Vinh Medical University
- Type: Public
- Established: July 13, 2010
- Director: Nguyễn Cảnh Phú
- Faculty: 316
- Administrative staff: 50
- Location: Vinh, Vietnam
- Campus: City downtown, 29.0 hectares;
- Website: www.vmu.edu.vn

= Vinh Medical University =

Medical school in Vinh, Vietnam

Vinh Medical University (Trường Đại học Y khoa Vinh) is a medical university in Vinh, Vietnam. It was founded in 2010. The university was established based on the Nghệ An Medical College, 2003. The university provides healthcare personnel, which includes physicians, nurses and assistant pharmacist, for the North Central Coast region of Vietnam and surrounding areas.

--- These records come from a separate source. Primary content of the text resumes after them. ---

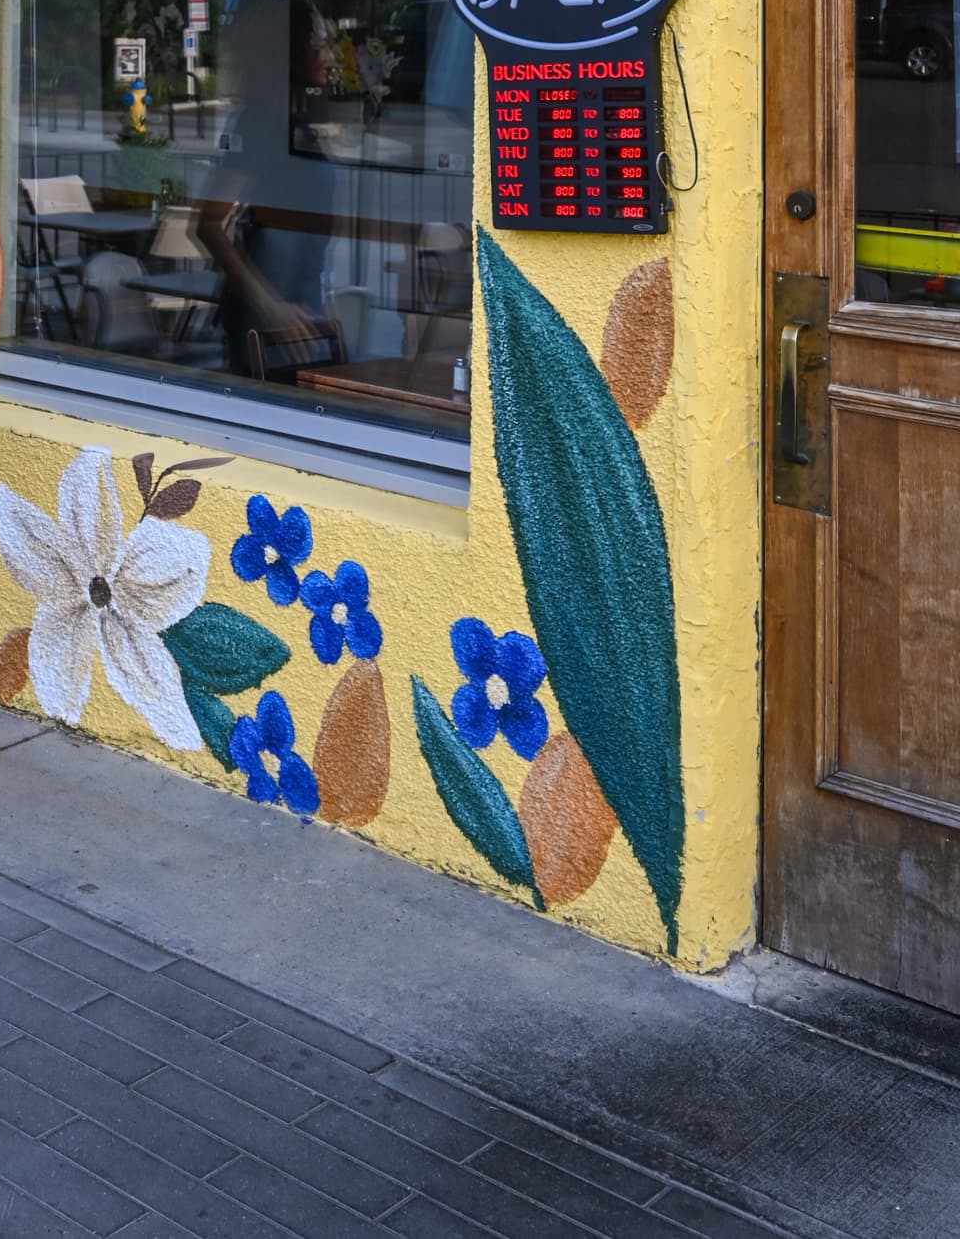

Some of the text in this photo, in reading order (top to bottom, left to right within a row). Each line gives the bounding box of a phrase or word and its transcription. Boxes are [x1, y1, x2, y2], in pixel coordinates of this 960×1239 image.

[493, 61, 645, 81] BUSINESS HOURS
[495, 89, 530, 103] MON
[496, 108, 523, 122] TUE
[583, 108, 598, 119] TO
[497, 127, 530, 140] WED
[583, 128, 598, 139] TO
[497, 146, 527, 159] THU
[584, 147, 599, 157] TO
[497, 165, 519, 178] FRI
[585, 166, 600, 177] TO
[498, 184, 523, 197] SAT
[586, 186, 600, 197] TO
[499, 203, 529, 216] SUN
[586, 206, 601, 216] TO

The university also trains healthcare personnel for several provinces of Lao People's Democratic Republic, such as Bolikhamsai, Xiangkhouang, Luang Prabang and Houaphanh.

==History==

At first, the school mostly provided healthcare personnel in diploma level with two years training. The graduation titles included assistant doctor, assistant nurse, medical technician, and primary pharmacist. The first established name was Nghệ An Assistant Doctor School. At this time, Trần Ngọc Đăng, the deputy chief of Nghệ An Health Service was assigned as the first rector of the school. It was under management by the Ministry of Health, and its first location at Hưng Đông commune, Vinh city. There were 10 full-time lecturers appointed by the Ministry of Health. The part-time personnel were the assistant doctors or doctors of Hospital A1 (the name of Nghệ An General Hospital at that time) and the hospital of Army Medical Corps No 4. The student flow was about six hundred at this time, and after graduating, the graduated would be assigned by the Ministry of Health to work for the whole army zone 4.

In 1964, Trần Ngọc Đăng was assigned to work at the Central Committee for South Vietnam. Nguyễn Văn Thanh, the deputy chief of Nghệ An Labor Department was assigned to be the rector, the college came under provincial control and was renamed as Nghệ An Health Worker Training School.

Beginning in 2003 the school was upgraded to college level, and it trains health care professionals in collegial level with a three-year curriculum.